Hi Oddz. Thanks so much for your help! I gave this a try and the result set ended up giving me entries that are in one of the entered categories. What I want to select are writing entries that are in all of the entered categories. On my site, writing entries can be classified into multiple categories. So I’d like a way to filter entries that are in BOTH sci fi and fantasy, for example. Is this possible?

Here’s the exact query I used:

SELECT
     w.id
    ,w.title
    ,w.summary
 FROM
    BR_writing w
 INNER
 JOIN
    BR_gallery_contents w2c
   ON
    w.id = w2c.medium_id
 WHERE
    w2c.gallery_id IN (367, 19)
 GROUP
   BY
    w.id
ORDER BY updated DESC
SELECT w.id
     , w.title
     , w.summary
  FROM ( SELECT medium_id
           FROM BR_gallery_contents
          WHERE gallery_id IN (367, 19)
         GROUP
             BY medium_id 
         HAVING COUNT(*) = 2 ) AS these
INNER
  JOIN BR_writing AS w
    ON w.id = these.medium_id

the HAVING count should be equal to however many categories you want the medium to belong to

r937 out of mere curiosity why this way:


SELECT w.id
     , w.title
     , w.summary
  FROM ( SELECT medium_id
           FROM BR_gallery_contents
          WHERE gallery_id IN (367, 19)
         GROUP
             BY medium_id 
         HAVING COUNT(*) = 2 ) AS these
INNER
  JOIN BR_writing AS w
    ON w.id = these.medium_id

instead of this way:


SELECT
     w.id
    ,w.title
    ,w.summary
 FROM
    BR_writing w
 INNER
 JOIN
    BR_gallery_contents w2c
   ON
    w.id = w2c.medium_id
 WHERE
    w2c.gallery_id IN (367, 19)
 GROUP
   BY
    w.id
HAVING
     COUNT(*) = 2

think about it this way – in my subquery, the GROUP BY is performed on only one table, and it’s a small table to boot (only 2 columns)

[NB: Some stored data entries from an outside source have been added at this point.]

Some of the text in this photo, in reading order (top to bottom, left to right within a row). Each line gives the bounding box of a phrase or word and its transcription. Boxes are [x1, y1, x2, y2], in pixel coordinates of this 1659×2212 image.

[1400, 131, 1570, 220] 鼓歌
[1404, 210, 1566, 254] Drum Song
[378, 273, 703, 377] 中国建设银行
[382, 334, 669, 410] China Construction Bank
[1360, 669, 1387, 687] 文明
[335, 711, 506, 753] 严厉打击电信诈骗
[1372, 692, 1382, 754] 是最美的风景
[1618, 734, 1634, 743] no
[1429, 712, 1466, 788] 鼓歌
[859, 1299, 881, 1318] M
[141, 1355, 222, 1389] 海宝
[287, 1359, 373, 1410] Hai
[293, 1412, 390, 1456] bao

only the appropriate ids, surviving the HAVING, are then used to join to rows from the w table

in your query, you perform all the joins first, then do a GROUP BY on a much wider row, and throw a lot more stuff away in the HAVING clause

it’s a case of applying the filtering restriction first, then doing the join, versus doing the join, then applying the filtering restriction

I had a feeling the reason related to optimization considering I recall transio posting a similar solution to a problem a few weeks back. thanks.